(Data records)
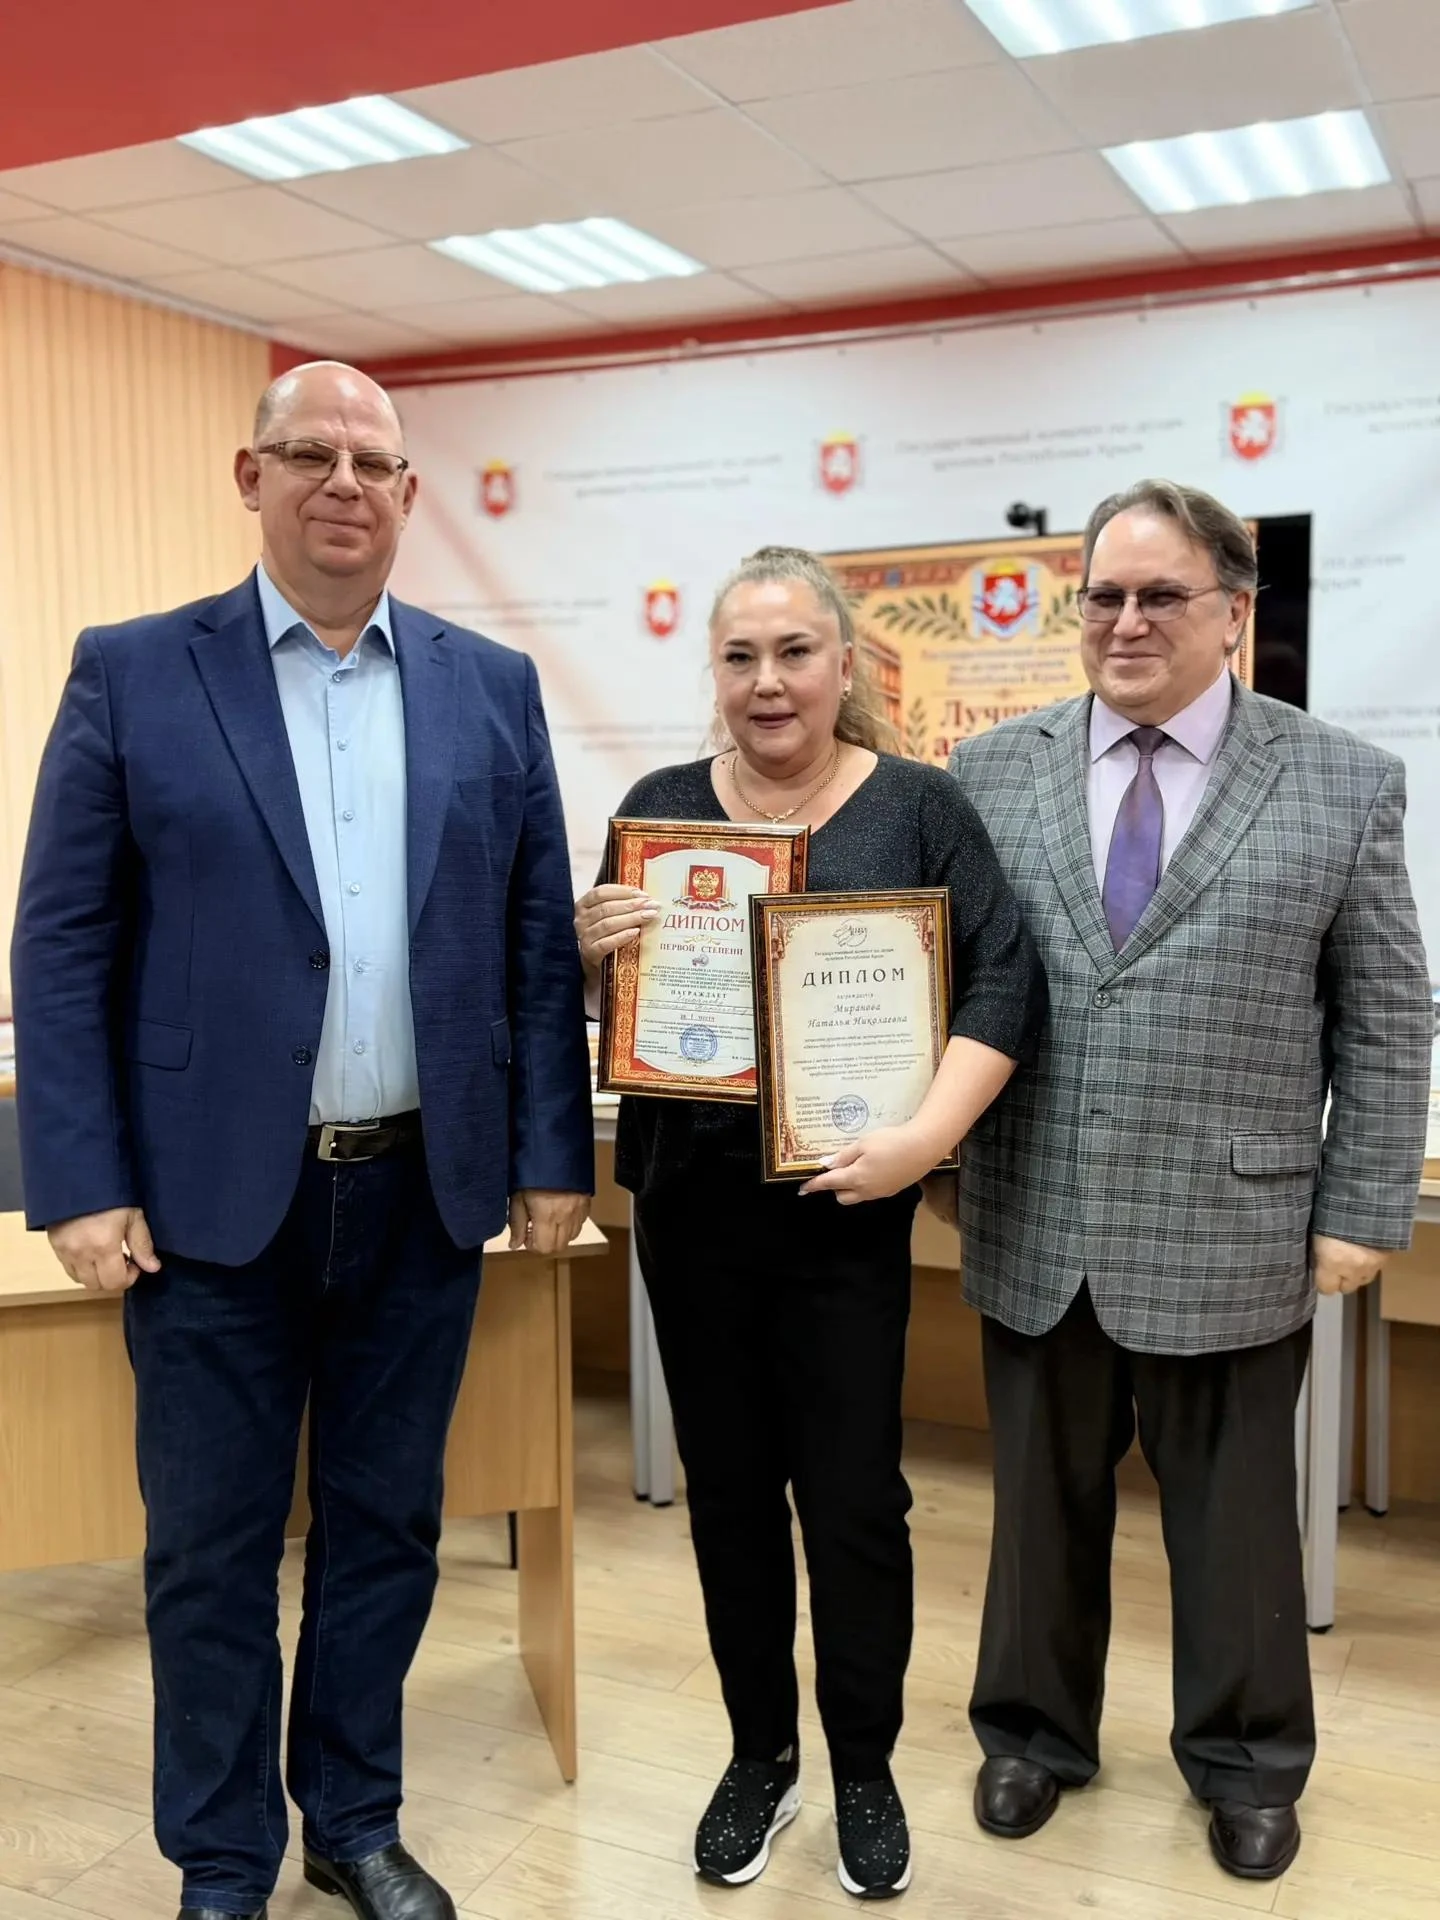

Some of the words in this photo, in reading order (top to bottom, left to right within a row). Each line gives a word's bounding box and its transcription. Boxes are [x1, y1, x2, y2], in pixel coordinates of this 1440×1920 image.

[662, 914, 745, 933] ДИПЛОМ
[660, 943, 695, 952] ПЕРВОЙ
[701, 945, 743, 956] СТЕПЕНИ
[801, 967, 905, 988] ДИПЛОМ
[670, 989, 727, 999] НАГРАЖДАЕТ
[852, 1015, 908, 1027] Николаевна
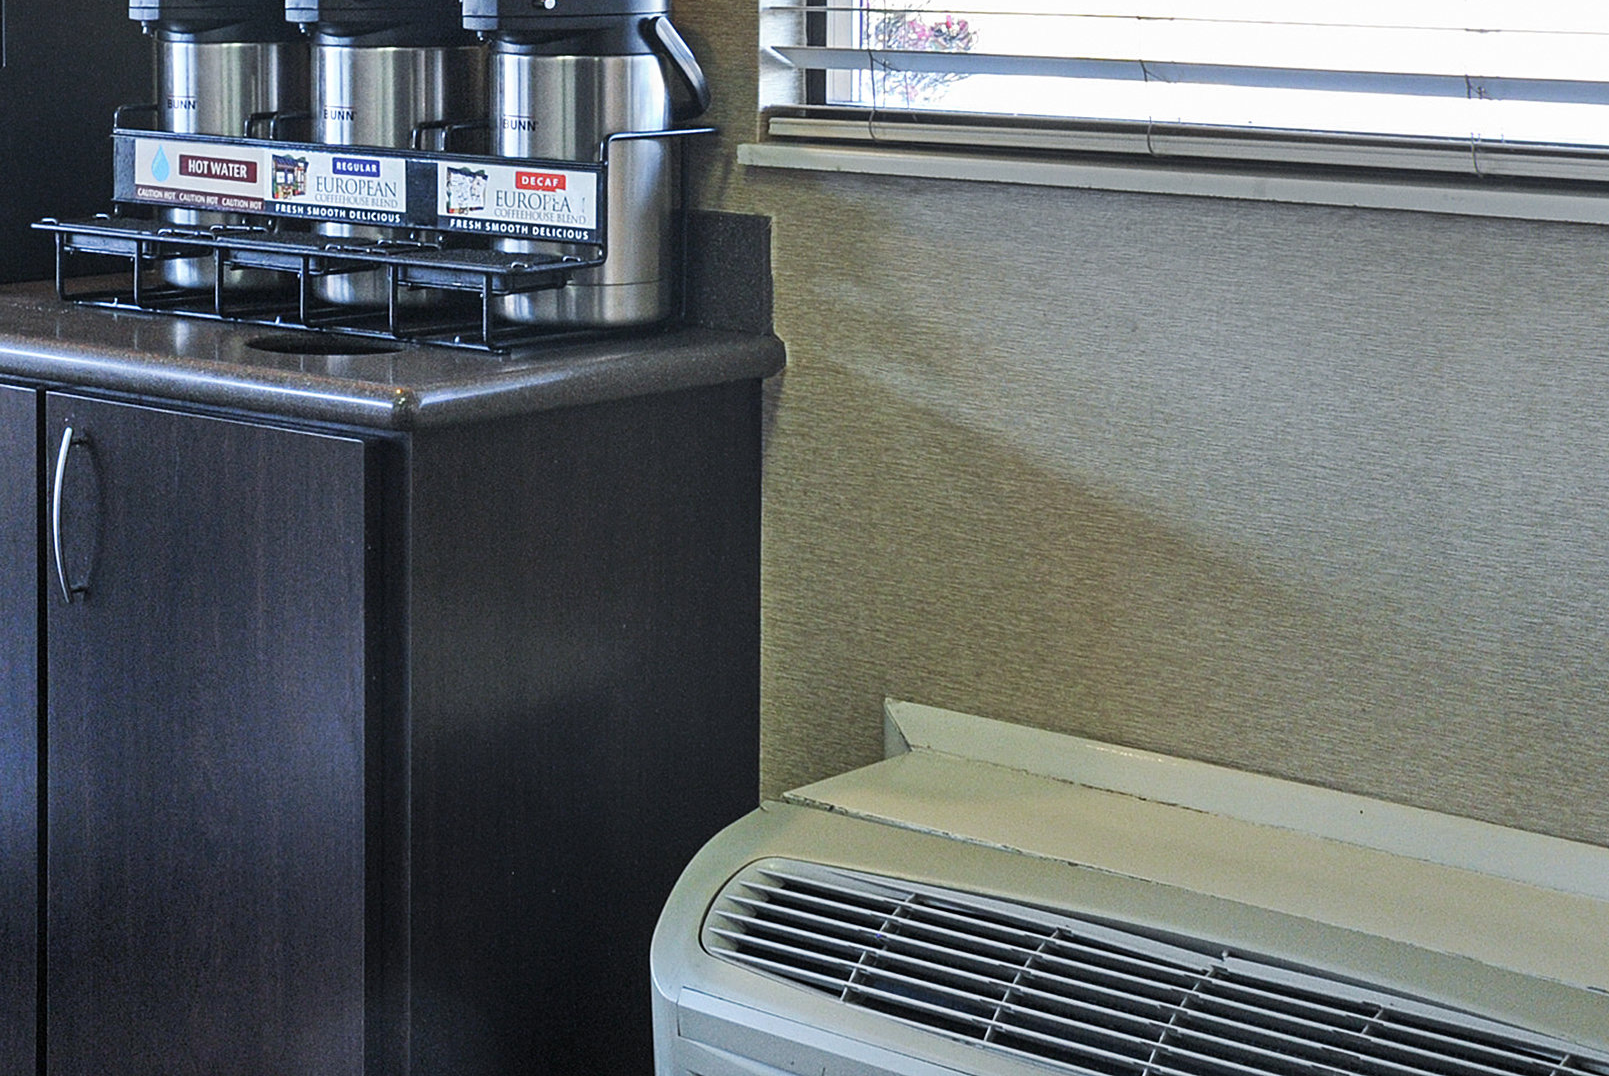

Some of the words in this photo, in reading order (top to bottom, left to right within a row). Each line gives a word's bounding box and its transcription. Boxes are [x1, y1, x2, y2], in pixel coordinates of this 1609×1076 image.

[167, 99, 196, 110] BUNN
[323, 108, 354, 121] BUNN
[503, 118, 536, 132] BUNN
[188, 158, 209, 174] HOT
[210, 162, 247, 179] WATER
[336, 161, 377, 173] REGULAR
[316, 176, 398, 198] EUROPEAN
[521, 175, 560, 188] DECAF
[137, 187, 163, 199] CAUTION
[163, 190, 176, 201] HOT
[179, 191, 205, 204] CAUTION
[206, 195, 218, 205] HOT
[314, 192, 371, 206] COFFEEHOUSE
[371, 197, 399, 209] BLEND
[221, 197, 248, 208] CAUTION
[249, 200, 262, 210] HOT
[275, 203, 304, 215] FRESH
[306, 206, 346, 219] SMOOTH
[349, 210, 401, 224] DELICIOUS
[493, 208, 555, 223] COFFEEHOUSE
[556, 213, 587, 225] BLEND
[450, 218, 482, 231] FRESH
[485, 221, 529, 235] SMOOTH
[532, 226, 589, 241] DELICIOUS

What is expected — Drop every picture, then write out the remaining entries above exactly as they appear.

Problem solution —
Some of the words in this photo, in reading order (top to bottom, left to right within a row). Each line gives a word's bounding box and its transcription. Boxes are [x1, y1, x2, y2], in pixel coordinates of this 1440×1920 image.

[662, 914, 745, 933] ДИПЛОМ
[660, 943, 695, 952] ПЕРВОЙ
[701, 945, 743, 956] СТЕПЕНИ
[801, 967, 905, 988] ДИПЛОМ
[670, 989, 727, 999] НАГРАЖДАЕТ
[852, 1015, 908, 1027] Николаевна

Some of the words in this photo, in reading order (top to bottom, left to right within a row). Each line gives a word's bounding box and its transcription. Boxes are [x1, y1, x2, y2], in pixel coordinates of this 1609×1076 image.

[167, 99, 196, 110] BUNN
[323, 108, 354, 121] BUNN
[503, 118, 536, 132] BUNN
[188, 158, 209, 174] HOT
[210, 162, 247, 179] WATER
[336, 161, 377, 173] REGULAR
[316, 176, 398, 198] EUROPEAN
[521, 175, 560, 188] DECAF
[137, 187, 163, 199] CAUTION
[163, 190, 176, 201] HOT
[179, 191, 205, 204] CAUTION
[206, 195, 218, 205] HOT
[314, 192, 371, 206] COFFEEHOUSE
[371, 197, 399, 209] BLEND
[221, 197, 248, 208] CAUTION
[249, 200, 262, 210] HOT
[275, 203, 304, 215] FRESH
[306, 206, 346, 219] SMOOTH
[349, 210, 401, 224] DELICIOUS
[493, 208, 555, 223] COFFEEHOUSE
[556, 213, 587, 225] BLEND
[450, 218, 482, 231] FRESH
[485, 221, 529, 235] SMOOTH
[532, 226, 589, 241] DELICIOUS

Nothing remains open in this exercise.